#### [WORK TASK]
Copy the listing exactly, leaving out every picture.

#### [EXERCISE INPUTS]

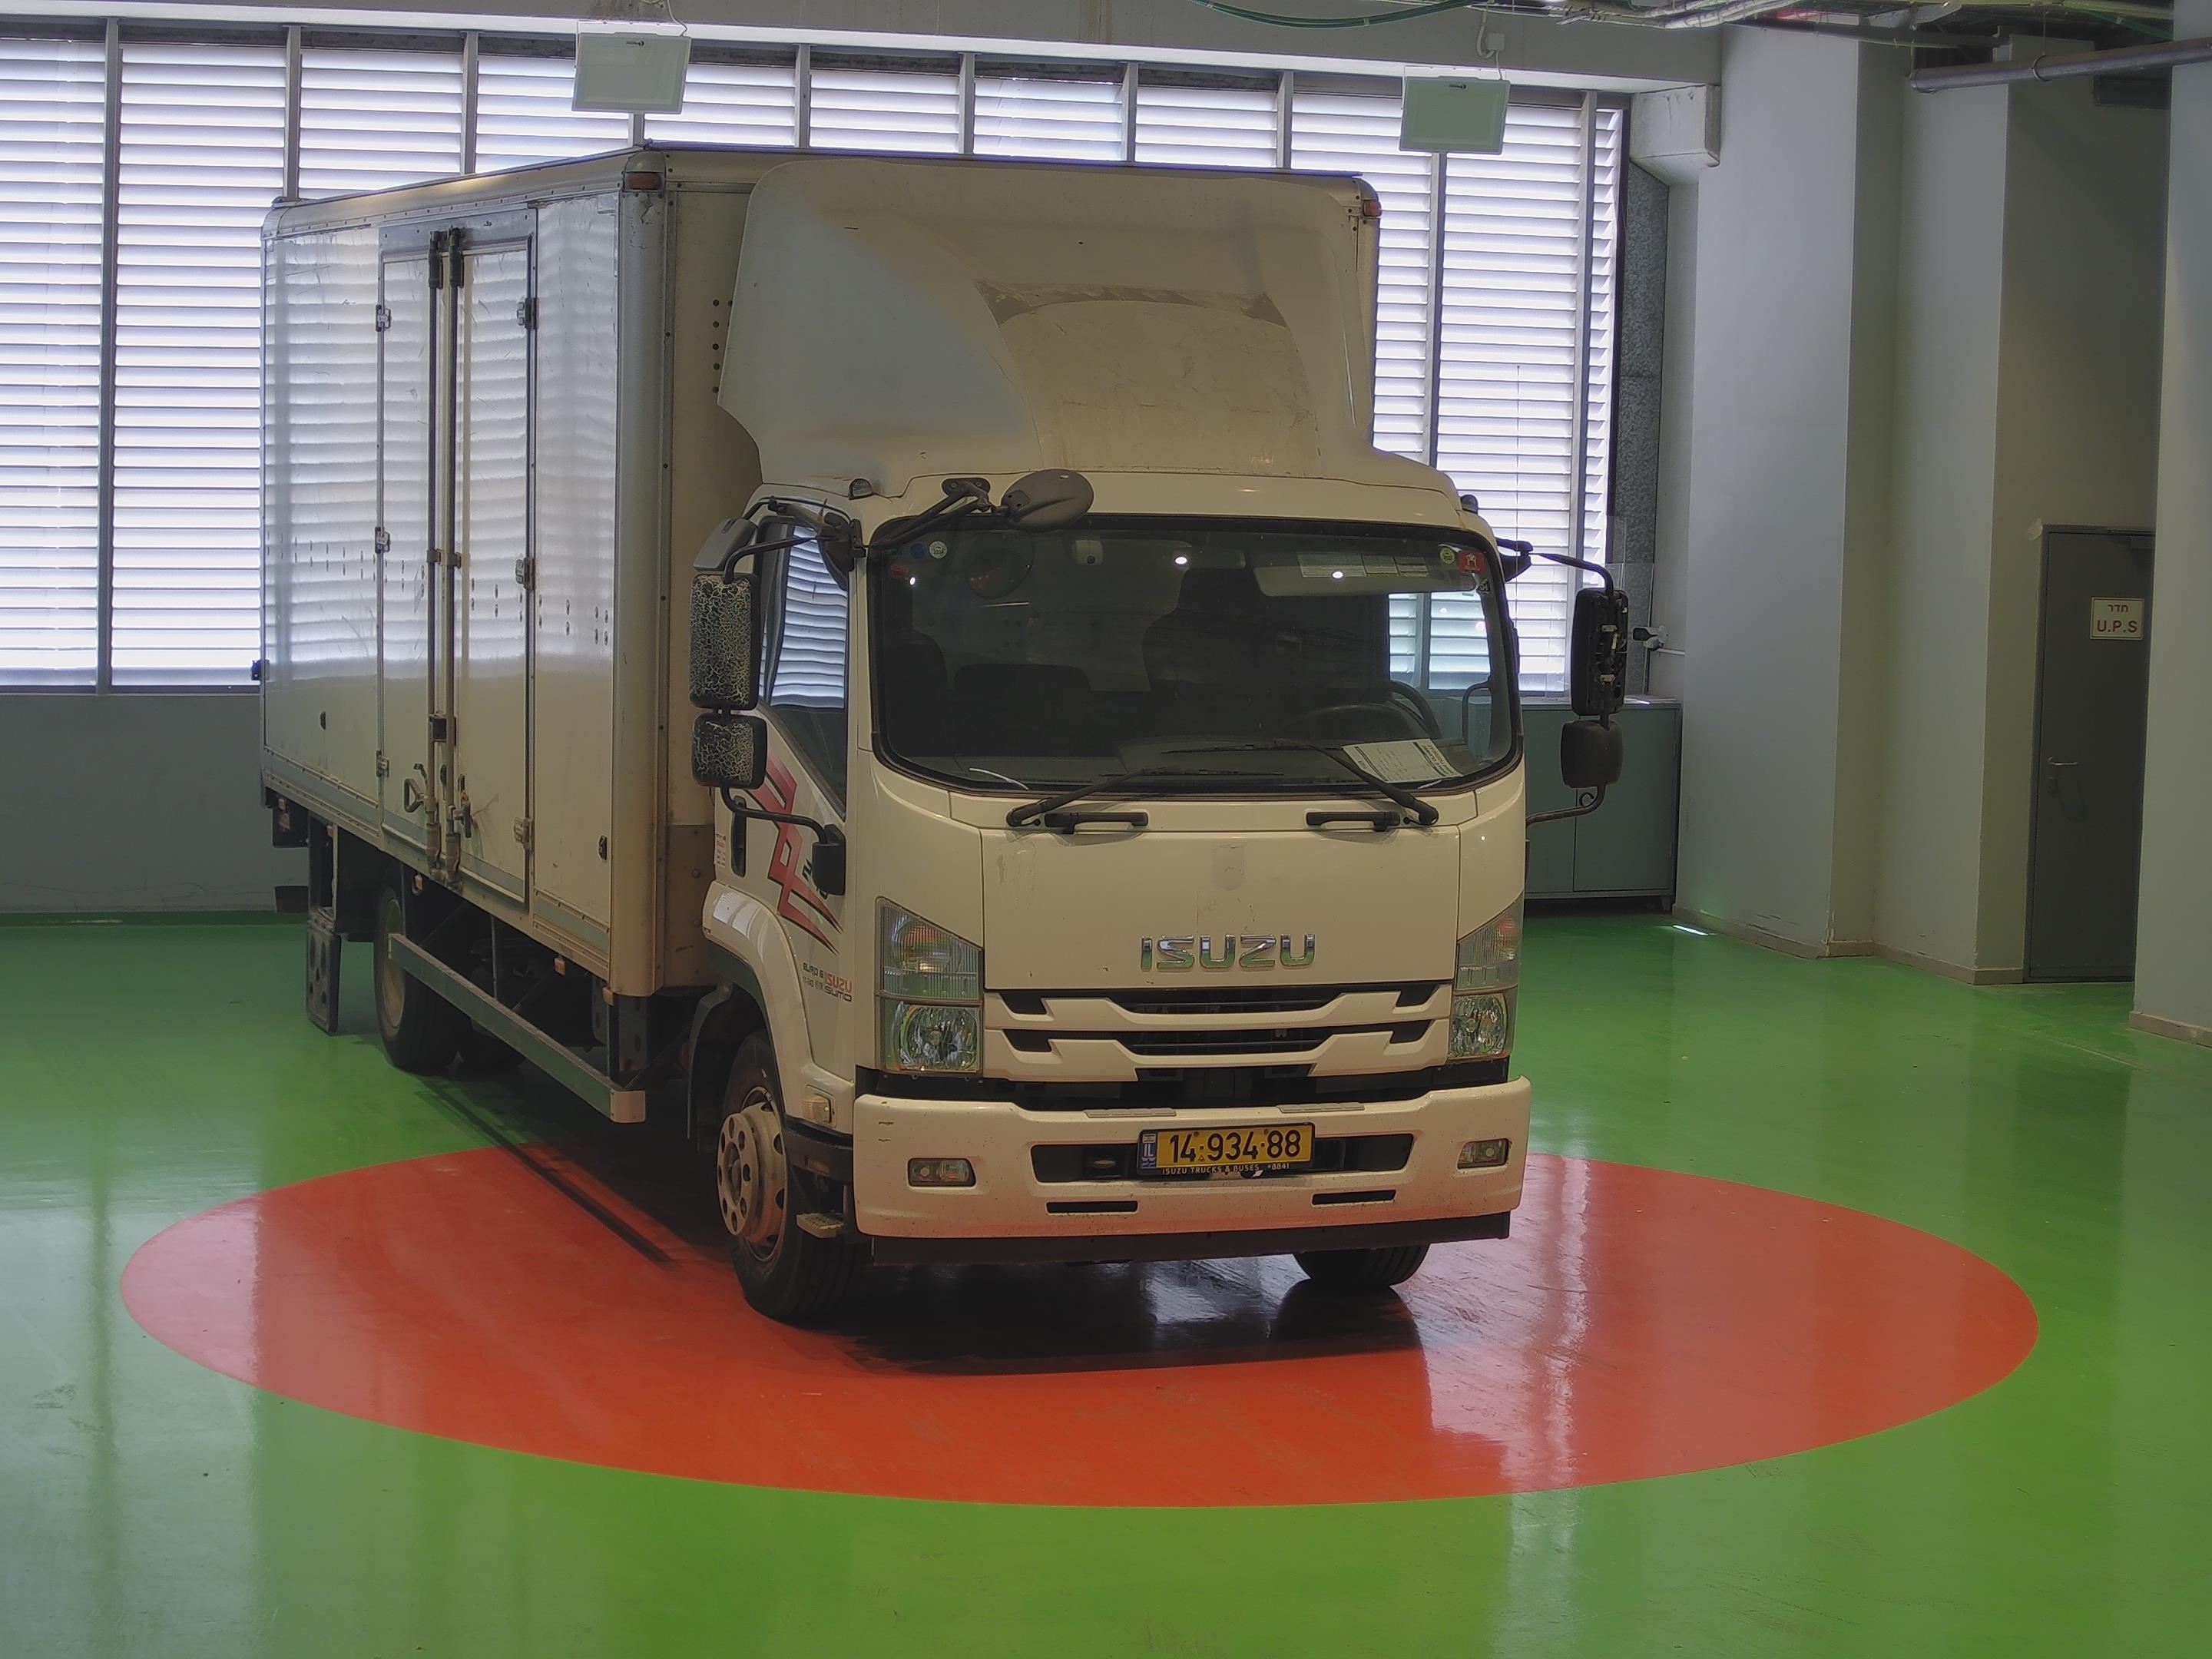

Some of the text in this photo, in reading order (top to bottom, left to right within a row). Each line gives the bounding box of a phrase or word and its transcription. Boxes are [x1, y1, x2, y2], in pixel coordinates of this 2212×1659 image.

[2108, 604, 2128, 613] חדר
[2096, 619, 2137, 633] U.P.S
[1141, 933, 1315, 972] ISUZU
[824, 972, 852, 994] ISUZU
[824, 985, 853, 1002] SUMO
[1162, 1167, 1187, 1175] ISUZU
[1190, 1165, 1222, 1174] TRUCKS
[1233, 1164, 1260, 1172] BUSES

#### [ANSWER SECTION]
Some of the text in this photo, in reading order (top to bottom, left to right within a row). Each line gives the bounding box of a phrase or word and its transcription. Boxes are [x1, y1, x2, y2], in pixel coordinates of this 2212×1659 image.

[2108, 604, 2128, 613] חדר
[2096, 619, 2137, 633] U.P.S
[1141, 933, 1315, 972] ISUZU
[824, 972, 852, 994] ISUZU
[824, 985, 853, 1002] SUMO
[1162, 1167, 1187, 1175] ISUZU
[1190, 1165, 1222, 1174] TRUCKS
[1233, 1164, 1260, 1172] BUSES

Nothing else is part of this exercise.